The fields that I will be focusing on will be the ZipCode in order to identify the areas or regions for each polling area,CITY and MUNICIPALI for grouping each of the municipality or communities together
# Select relevant columns for analysis
df2 <- df |>
select(CITY, ZIP_CODE, MUNICIPALI)
# Check for missing values in key fields
colSums(is.na(df2[, c("CITY", "MUNICIPALI")]))
## CITY MUNICIPALI
## 1 1
The agenda of this project is to implement the concepts of exploratory data analysis (EDA) and limiting assumptions. The analysis will champion the most engaging community in the county while providing insights about the cities that make up Prince Georges county Maryland by analyzing the trends discovered through the EDA. For the visual aspects on the EDA I will be relying on charts such as bubble charts, bar charts, box-plot, and histogram. These insights are valuable for data-driven civic planning, as they support informed decision-making in areas such as electoral infrastructure, voter accessibility, and community engagement.

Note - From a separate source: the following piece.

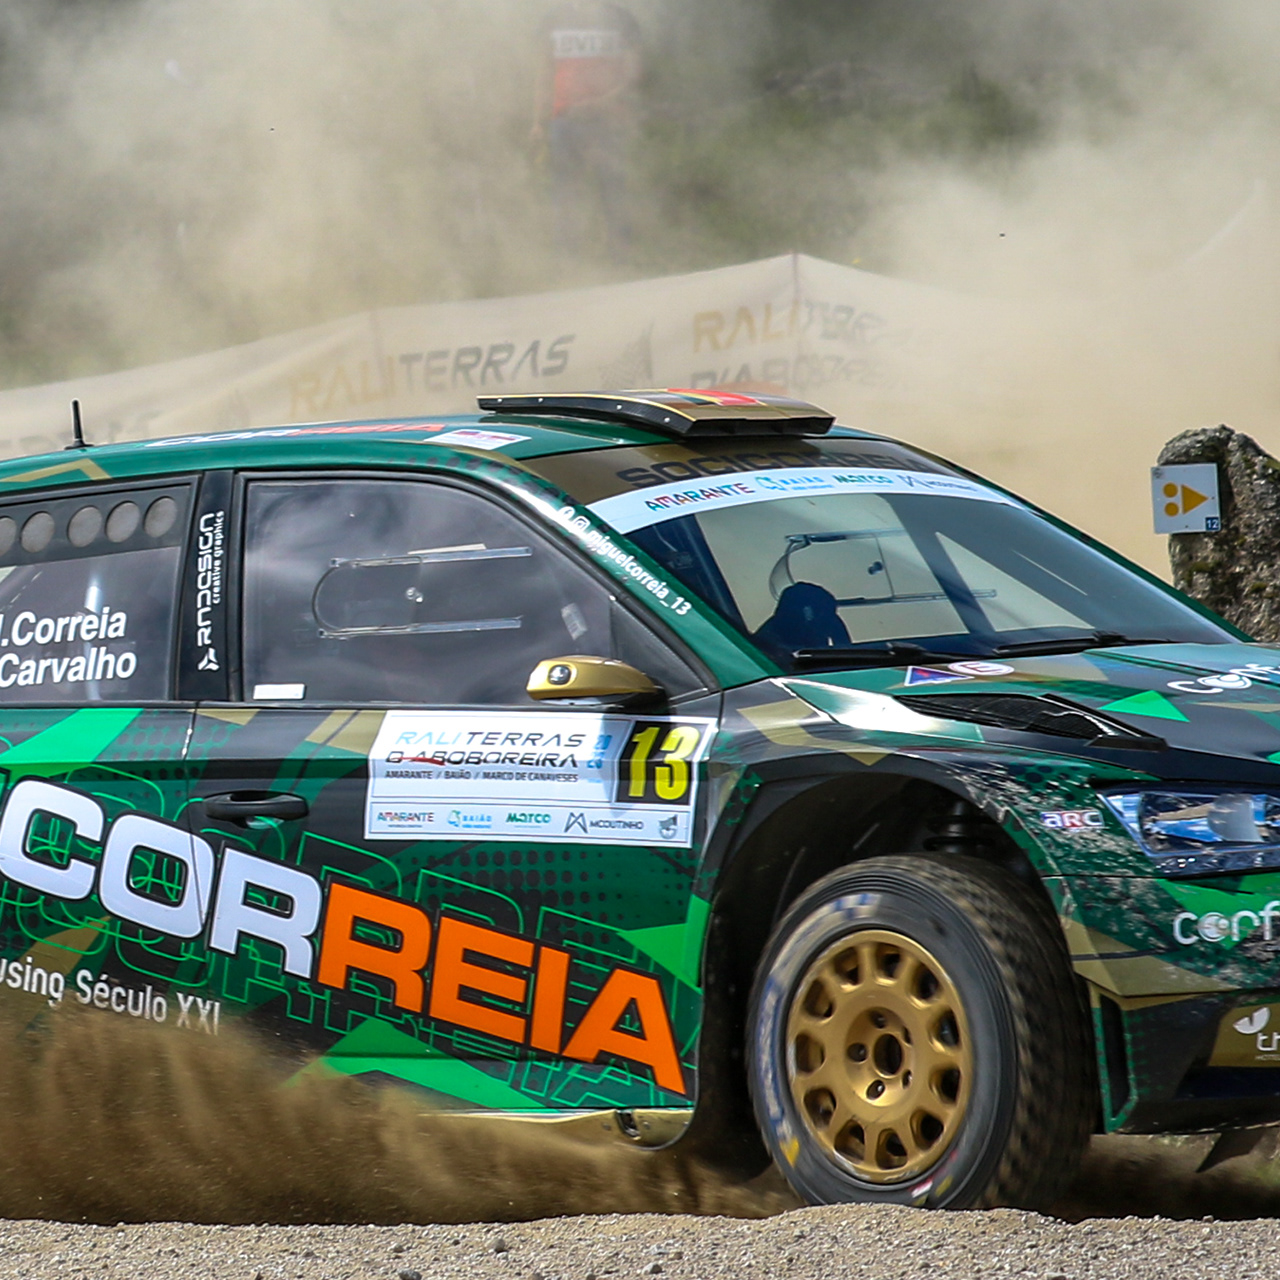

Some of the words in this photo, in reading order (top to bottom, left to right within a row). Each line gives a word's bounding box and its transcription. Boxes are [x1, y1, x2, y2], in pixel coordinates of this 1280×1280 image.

# Filter rows with non-missing MUNICIPALI values
unique_municipali <- df2 |>
filter(!is.na(MUNICIPALI)) |>
select(MUNICIPALI)
# Convert to a factor with alphabetical levels
df2_cities <- unique_municipali |>
mutate(MUNICIPALI = factor(MUNICIPALI, levels = sort(unique(MUNICIPALI))))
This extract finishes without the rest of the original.